- Description of the task -
Can you pull out each line of the data below that includes the word "BOOK"?

- Items from a dataset -

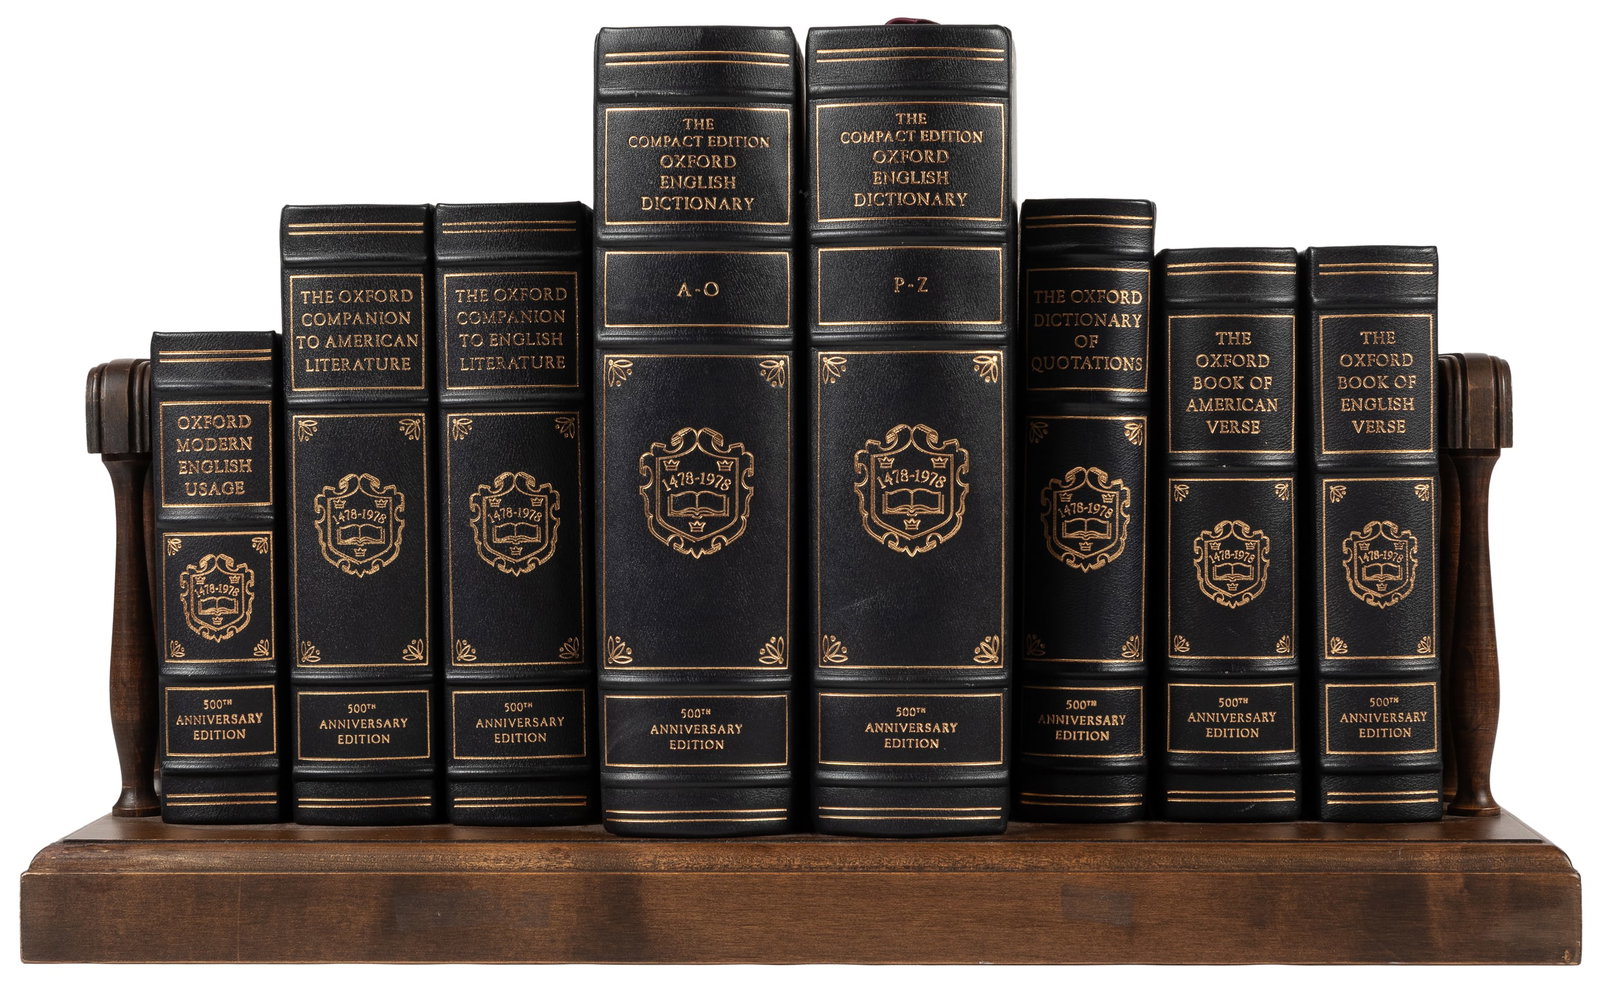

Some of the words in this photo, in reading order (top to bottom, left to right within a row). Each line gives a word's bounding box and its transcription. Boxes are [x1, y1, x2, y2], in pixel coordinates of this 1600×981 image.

[683, 118, 714, 130] THE
[895, 112, 927, 124] THE
[628, 136, 704, 147] COMPACT
[707, 136, 770, 147] EDITION
[840, 130, 916, 144] COMPACT
[920, 130, 983, 143] EDITION
[660, 155, 736, 168] OXFORD
[872, 149, 949, 163] OXFORD
[660, 175, 736, 189] ENGLISH
[872, 171, 949, 184] ENGLISH
[641, 196, 755, 210] DICTIONARY
[854, 192, 968, 207] DICTIONARY
[301, 290, 334, 304] THE
[339, 289, 414, 303] OXFORD
[456, 289, 489, 302] THE
[494, 288, 568, 300] OXFORD
[1034, 291, 1067, 305] THE
[1070, 289, 1143, 304] OXFORD
[301, 312, 411, 326] COMPANION
[457, 311, 566, 325] COMPANION
[1034, 314, 1141, 328] DICTIONARY
[296, 336, 320, 349] TO
[325, 334, 419, 347] AMERICAN
[459, 334, 483, 346] TO
[490, 334, 563, 346] ENGLISH
[1074, 335, 1099, 348] OF
[1216, 332, 1252, 345] THE
[1360, 331, 1396, 344] THE
[305, 357, 411, 371] LITERATURE
[460, 356, 566, 370] LITERATURE
[1030, 356, 1143, 371] QUOTATIONS
[1195, 353, 1270, 368] OXFORD
[1339, 353, 1413, 367] OXFORD
[1193, 376, 1245, 390] BOOK
[1248, 376, 1273, 389] OF
[1337, 376, 1390, 389] BOOK
[1394, 375, 1418, 389] OF
[1186, 398, 1279, 412] AMERICAN
[1341, 397, 1415, 411] ENGLISH
[178, 415, 252, 429] OXFORD
[1206, 420, 1261, 434] VERSE
[1351, 419, 1406, 433] VERSE
[176, 436, 253, 452] MODERN
[178, 459, 252, 474] ENGLISH
[662, 472, 731, 492] 1478-1978
[876, 469, 947, 490] 1478-1978
[184, 481, 245, 496] USAGE
[332, 509, 386, 526] 1478-1978
[488, 508, 542, 525] 1478-1978
[1057, 501, 1114, 520] 1478-1978
[1210, 549, 1256, 565] 1478-1978
[1357, 548, 1404, 564] 1478-1978
[194, 581, 240, 598] 1478-1978
[176, 712, 263, 725] ANNIVERSARY
[319, 718, 408, 728] ANNIVERSARY
[476, 717, 565, 728] ANNIVERSARY
[1038, 715, 1127, 726] ANNIVERSARY
[1187, 712, 1277, 722] ANNIVERSARY
[1340, 712, 1428, 722] ANNIVERSARY
[193, 729, 246, 740] EDITION
[650, 724, 743, 734] ANNIVERSARY
[865, 723, 958, 733] ANNIVERSARY
[1205, 728, 1259, 738] EDITION
[1359, 728, 1412, 738] EDITION
[337, 734, 391, 744] EDITION
[494, 733, 547, 743] EDITION
[1055, 730, 1110, 741] EDITION
[669, 740, 724, 750] EDITION
[884, 738, 939, 748] EDITION

- Output for this task -
[1193, 376, 1245, 390] BOOK
[1337, 376, 1390, 389] BOOK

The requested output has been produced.